_Exercise objective:_
Without changing a single word, write out every entry.

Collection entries
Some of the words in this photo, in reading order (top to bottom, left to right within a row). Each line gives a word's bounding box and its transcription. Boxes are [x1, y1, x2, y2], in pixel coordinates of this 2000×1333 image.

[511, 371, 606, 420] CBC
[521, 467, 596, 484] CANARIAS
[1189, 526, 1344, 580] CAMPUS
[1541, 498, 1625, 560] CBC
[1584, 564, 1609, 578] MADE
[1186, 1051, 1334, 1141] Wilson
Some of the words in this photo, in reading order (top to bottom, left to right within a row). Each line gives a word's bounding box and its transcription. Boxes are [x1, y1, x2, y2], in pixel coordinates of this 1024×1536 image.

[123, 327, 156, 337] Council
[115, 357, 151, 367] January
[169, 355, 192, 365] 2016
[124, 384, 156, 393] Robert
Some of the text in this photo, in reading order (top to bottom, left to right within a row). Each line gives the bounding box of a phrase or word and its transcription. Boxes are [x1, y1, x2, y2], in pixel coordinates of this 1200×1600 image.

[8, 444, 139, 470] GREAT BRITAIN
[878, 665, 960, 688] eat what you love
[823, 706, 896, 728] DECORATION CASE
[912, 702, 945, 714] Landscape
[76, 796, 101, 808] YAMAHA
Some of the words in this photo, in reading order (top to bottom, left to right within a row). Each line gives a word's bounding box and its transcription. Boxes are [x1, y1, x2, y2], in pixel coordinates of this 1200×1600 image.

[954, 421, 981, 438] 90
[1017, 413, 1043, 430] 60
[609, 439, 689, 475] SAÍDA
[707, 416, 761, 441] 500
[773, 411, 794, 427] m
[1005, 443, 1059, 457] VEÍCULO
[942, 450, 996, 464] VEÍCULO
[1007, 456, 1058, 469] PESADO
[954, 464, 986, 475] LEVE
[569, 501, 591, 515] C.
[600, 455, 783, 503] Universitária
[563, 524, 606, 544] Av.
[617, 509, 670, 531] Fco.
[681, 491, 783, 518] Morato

_Reply to the task:_
Some of the words in this photo, in reading order (top to bottom, left to right within a row). Each line gives a word's bounding box and its transcription. Boxes are [x1, y1, x2, y2], in pixel coordinates of this 2000×1333 image.

[511, 371, 606, 420] CBC
[521, 467, 596, 484] CANARIAS
[1189, 526, 1344, 580] CAMPUS
[1541, 498, 1625, 560] CBC
[1584, 564, 1609, 578] MADE
[1186, 1051, 1334, 1141] Wilson
Some of the words in this photo, in reading order (top to bottom, left to right within a row). Each line gives a word's bounding box and its transcription. Boxes are [x1, y1, x2, y2], in pixel coordinates of this 1024×1536 image.

[123, 327, 156, 337] Council
[115, 357, 151, 367] January
[169, 355, 192, 365] 2016
[124, 384, 156, 393] Robert
Some of the text in this photo, in reading order (top to bottom, left to right within a row). Each line gives the bounding box of a phrase or word and its transcription. Boxes are [x1, y1, x2, y2], in pixel coordinates of this 1200×1600 image.

[8, 444, 139, 470] GREAT BRITAIN
[878, 665, 960, 688] eat what you love
[823, 706, 896, 728] DECORATION CASE
[912, 702, 945, 714] Landscape
[76, 796, 101, 808] YAMAHA
Some of the words in this photo, in reading order (top to bottom, left to right within a row). Each line gives a word's bounding box and its transcription. Boxes are [x1, y1, x2, y2], in pixel coordinates of this 1200×1600 image.

[954, 421, 981, 438] 90
[1017, 413, 1043, 430] 60
[609, 439, 689, 475] SAÍDA
[707, 416, 761, 441] 500
[773, 411, 794, 427] m
[1005, 443, 1059, 457] VEÍCULO
[942, 450, 996, 464] VEÍCULO
[1007, 456, 1058, 469] PESADO
[954, 464, 986, 475] LEVE
[569, 501, 591, 515] C.
[600, 455, 783, 503] Universitária
[563, 524, 606, 544] Av.
[617, 509, 670, 531] Fco.
[681, 491, 783, 518] Morato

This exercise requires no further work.